El referido precepto señala:

“Para la imposición con carácter permanente de las sanciones previstas en las letras b) y e), y para la imposición por un plazo superior a cinco años de las previstas en las letras e) y f) del apartado 7 del artículo 33, será necesario que se dé alguna de las dos circunstancias siguientes:

a) Que se esté ante el supuesto de hecho previsto en la regla 5.ª del apartado 1 del artículo 66.

b) Que la persona jurídica se utilice instrumentalmente para la comisión de ilícitos penales.
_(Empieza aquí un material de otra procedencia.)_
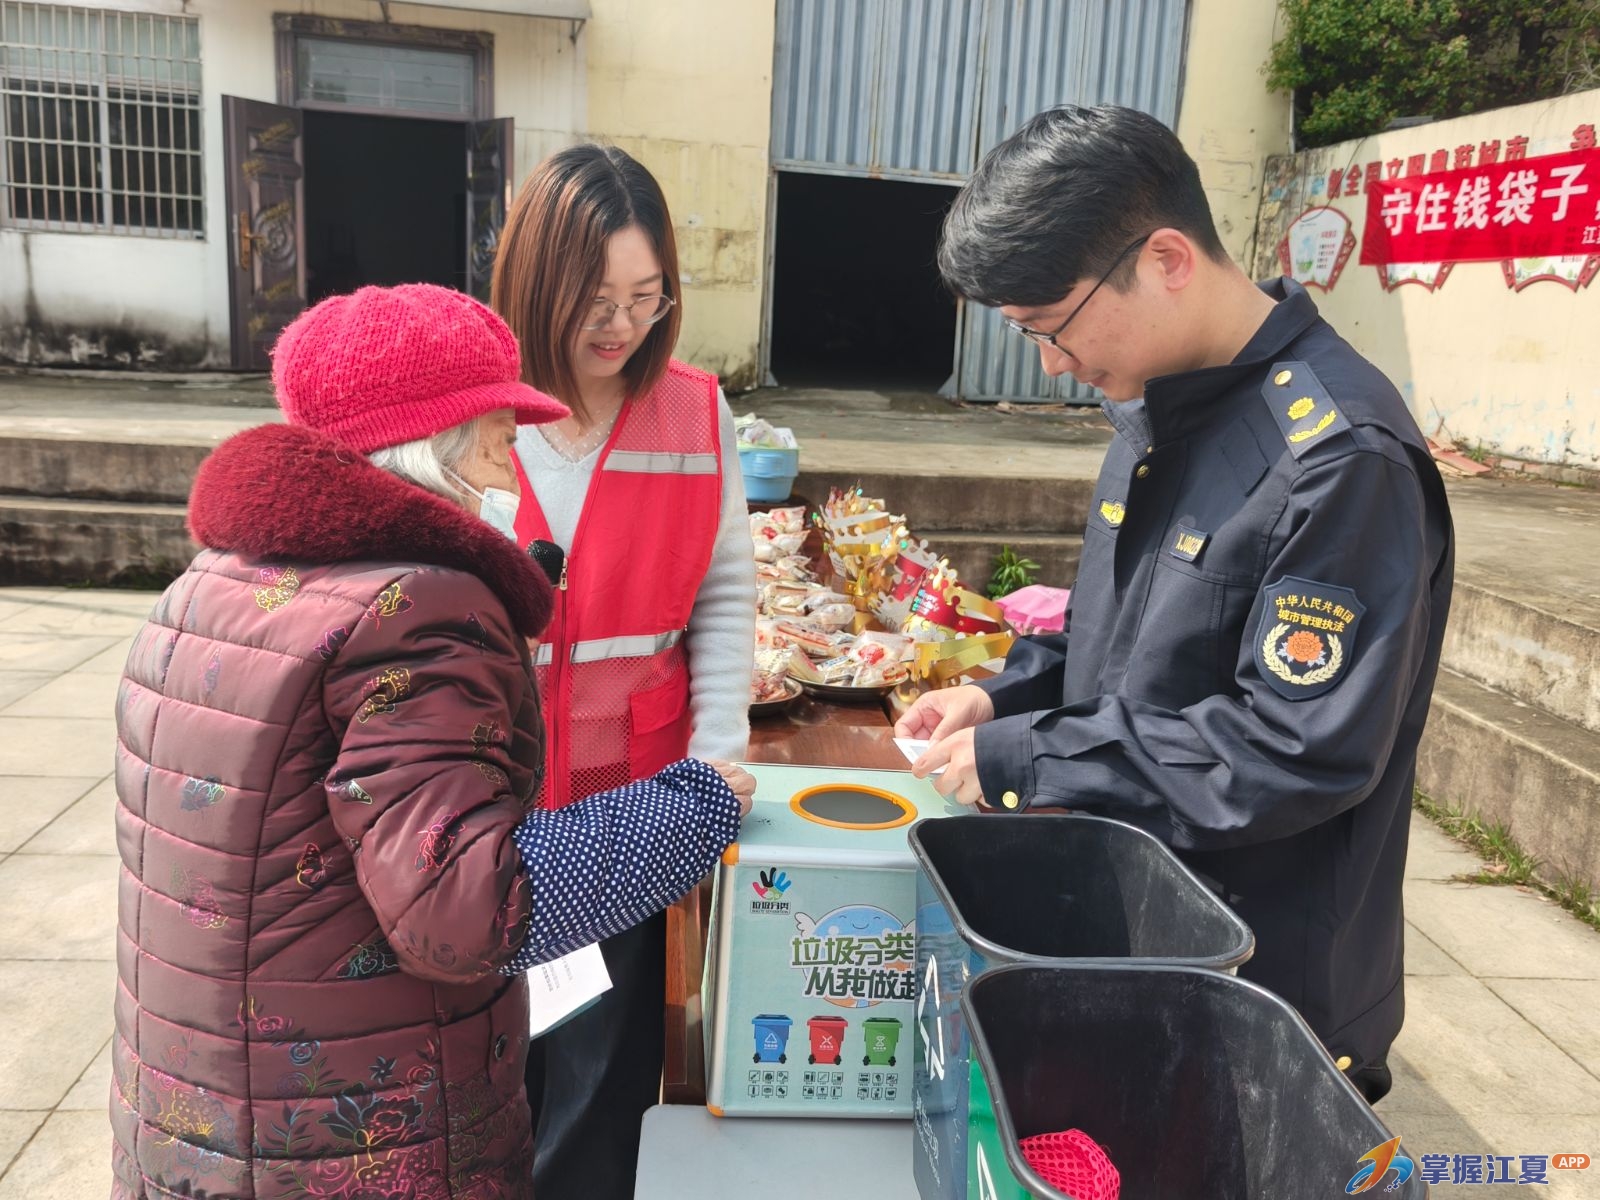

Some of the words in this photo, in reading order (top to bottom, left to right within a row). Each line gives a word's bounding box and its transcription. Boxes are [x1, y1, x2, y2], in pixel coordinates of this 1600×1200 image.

[1380, 163, 1589, 236] 守住钱袋子
[1275, 594, 1354, 624] 中华人民共和国
[1277, 608, 1345, 632] 城市管理执法
[792, 933, 914, 966] 垃圾分类
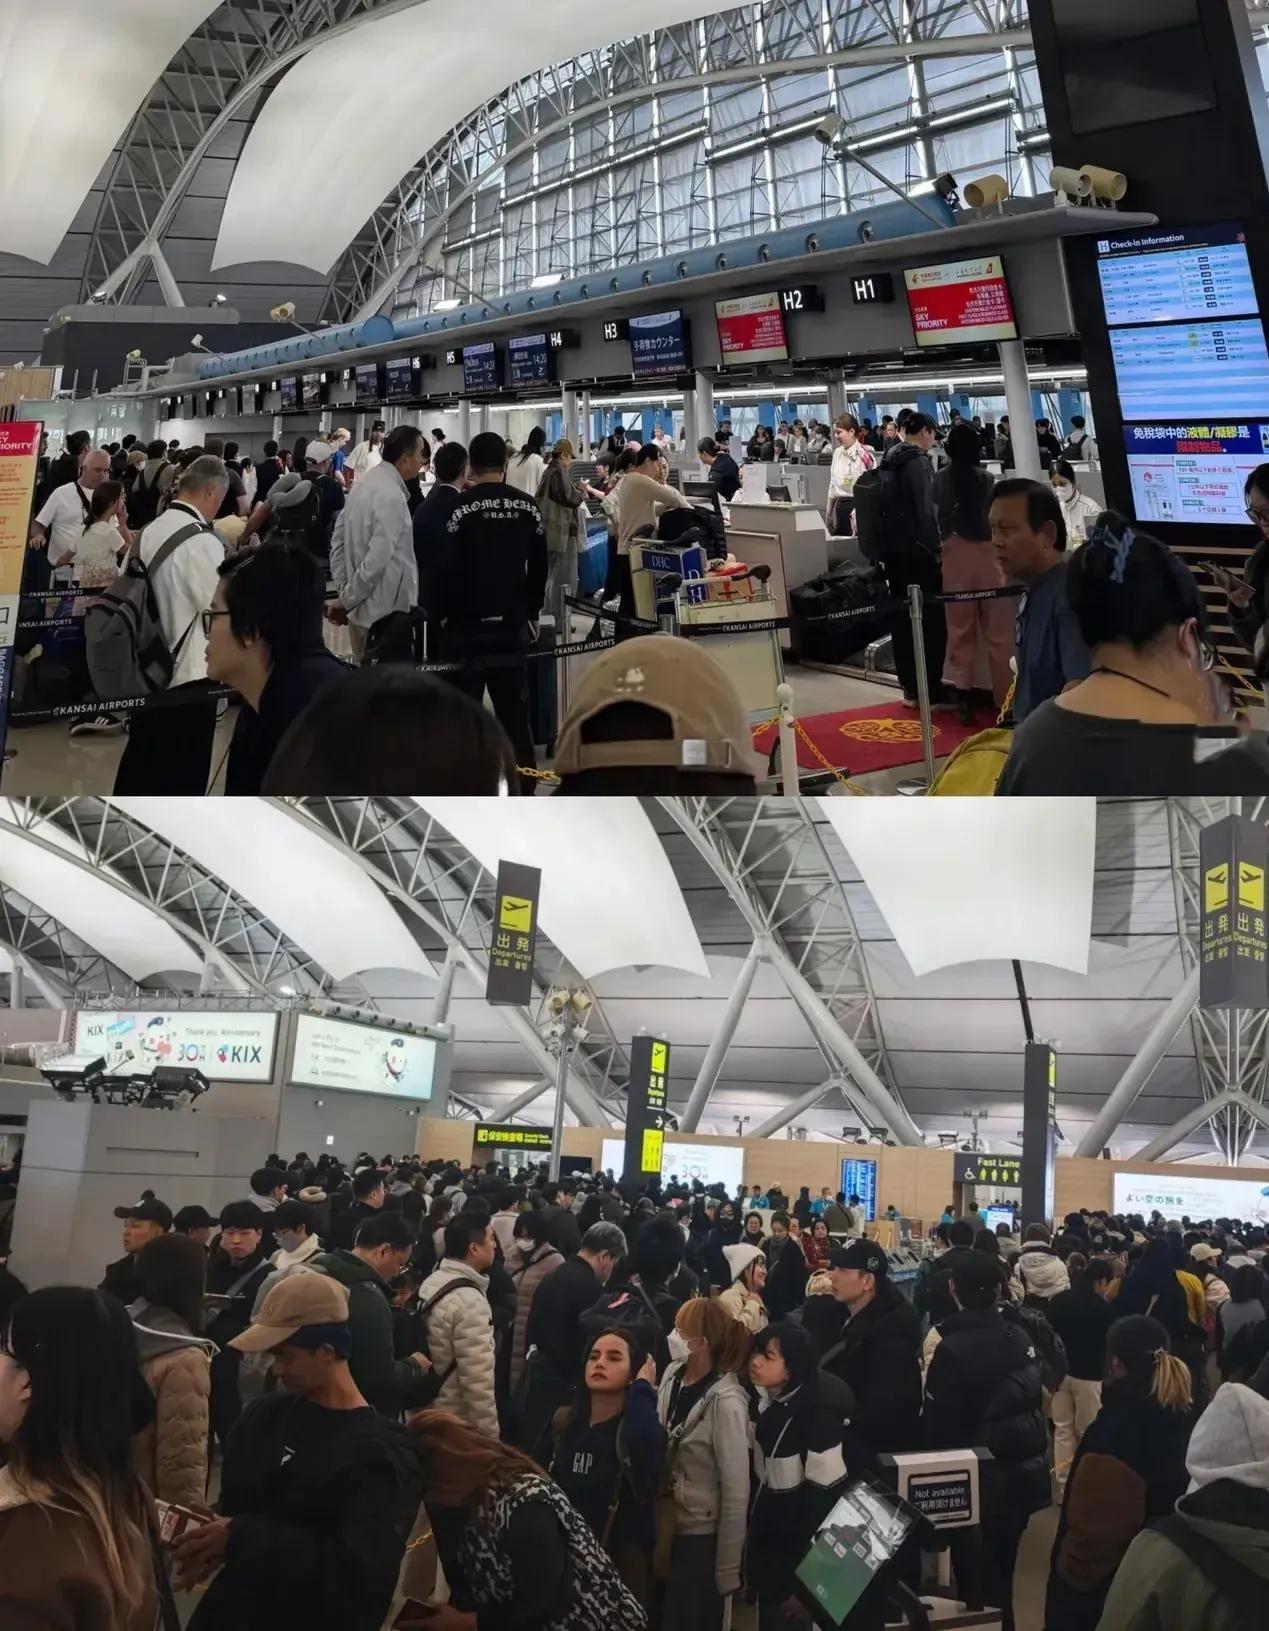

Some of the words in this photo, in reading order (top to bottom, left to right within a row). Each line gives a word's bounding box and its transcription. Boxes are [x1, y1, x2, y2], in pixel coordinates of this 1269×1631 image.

[1110, 239, 1140, 250] Check-in
[1141, 233, 1185, 246] Information
[854, 278, 875, 300] H1
[783, 290, 804, 310] H2
[915, 313, 929, 321] SKY
[917, 318, 948, 329] PRIORITY
[551, 331, 562, 347] H4
[604, 322, 618, 339] H3
[651, 555, 671, 569] DHC
[55, 589, 84, 597] AIRPORTS
[38, 618, 73, 628] AIRPORTS
[726, 623, 748, 632] KANSAI
[748, 620, 776, 630] AIRPORTS
[558, 643, 584, 655] KANSAI
[584, 638, 616, 651] AIRPORTS
[60, 704, 97, 716] KANSAI
[99, 698, 146, 712] AIRPORTS
[1204, 913, 1230, 938] 出発
[1237, 911, 1265, 937] 出発
[496, 933, 530, 952] 出発
[1203, 933, 1233, 951] Departures
[1233, 931, 1268, 950] Departures
[491, 947, 532, 962] Departures
[87, 1024, 104, 1037] KIX
[231, 1045, 262, 1064] KIX
[977, 1156, 998, 1167] Fast
[998, 1157, 1021, 1169] Lane
[1126, 1193, 1185, 1206] よい空の旅を
[572, 1452, 593, 1475] GAP
[914, 1489, 930, 1499] Not
[931, 1486, 966, 1497] available
Se entenderá que se está ante este último supuesto siempre que la actividad legal de la persona jurídica sea menos relevante que su actividad ilegal”.

La sanción del art. 33.7 b) CP es precisamente la disolución y, al ser la pena más grave que se puede imponer a la persona jurídica, está condicionada según el citado art. 66 bis CP a que concurra el 66.1 5º CP (ser multirreincidente, caso que no concurría) o ser empresa instrumental.

Localizada la SAP Valladolid 37/2019, de 18-II-2019, la sentencia ni toca la cuestión de la individualización de la pena de disolución, señalando al final del FJ 3º:

“Teniendo en cuenta lo dispuesto en el artículo 251 bis, párrafos primero, epígrafe a), y segundo, del Código Penal , en relación con el artículo 33.7 b) del mismo texto legal , procede imponer a DESARROLLOS INMOBILIARIOS DE CONSTRUCCIÓN Y RESTAURACION S.L. la pena de 3.189.417,39 euros de multa, pena que se impone teniendo en cuenta, por un lado, la cantidad defraudada a SAREB, que se estima en la cantidad resultado de restar al importe del crédito dispuesto (1.163.639,13 euros) los 100.000 euros entregados a dicha entidad en cumplimento de lo estipulado en el documento transaccional de quita, y, por otro, lo dispuesto en el artículo 251 bis, párrafos primero, epígrafe a), procediendo así mismo acodar su disolución con los efectos previstos en el citado artículos 33.7 b (pérdida definitiva de su personalidad jurídica, así como la de su capacidad de actuar de cualquier modo en el tráfico jurídico, o llevar a cabo cualquier clase de actividad, aunque sea lícita), pena que se impone teniendo en cuenta, conforme dispone el artículo 66 bis del Código Penal, la necesidad de prevenir la comisión de nuevos delitos, la ausencia de efectos para trabajadores (la indicada mercantil carecía de ellos) y el control absoluto que sobre la misma ejercía el acusado”.

Obviamente, el recurso de casación es de justicia rogada y el Tribunal Supremo no entrará en cuestiones no expresamente alegadas por las partes.